**Input records**
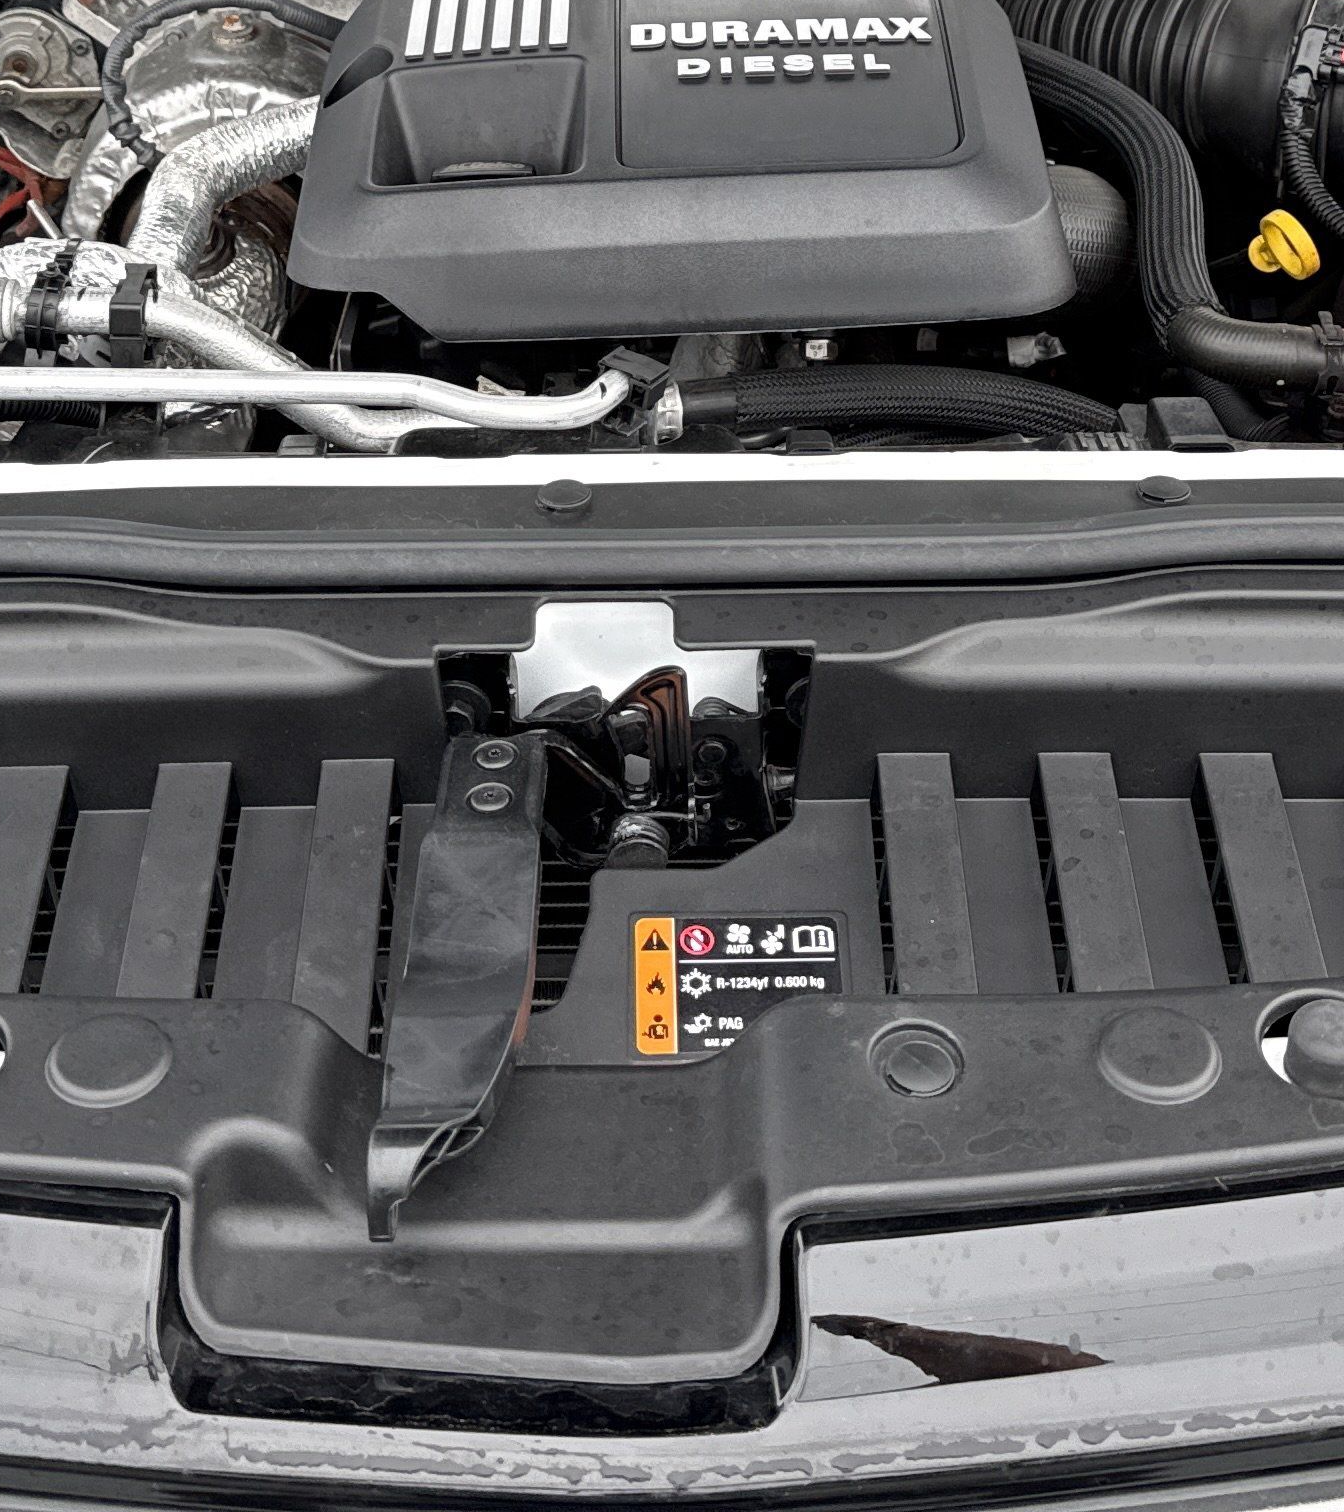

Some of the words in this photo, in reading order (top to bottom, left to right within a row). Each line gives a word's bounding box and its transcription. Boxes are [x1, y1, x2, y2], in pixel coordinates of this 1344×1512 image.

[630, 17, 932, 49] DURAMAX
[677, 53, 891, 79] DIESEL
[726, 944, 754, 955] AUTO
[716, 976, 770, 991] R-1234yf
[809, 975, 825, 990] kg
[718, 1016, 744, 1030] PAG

**Problem details**
Your copy should match every entry above exactly and contain no pictures.

**Answer to this task**
Some of the words in this photo, in reading order (top to bottom, left to right within a row). Each line gives a word's bounding box and its transcription. Boxes are [x1, y1, x2, y2], in pixel coordinates of this 1344×1512 image.

[630, 17, 932, 49] DURAMAX
[677, 53, 891, 79] DIESEL
[726, 944, 754, 955] AUTO
[716, 976, 770, 991] R-1234yf
[809, 975, 825, 990] kg
[718, 1016, 744, 1030] PAG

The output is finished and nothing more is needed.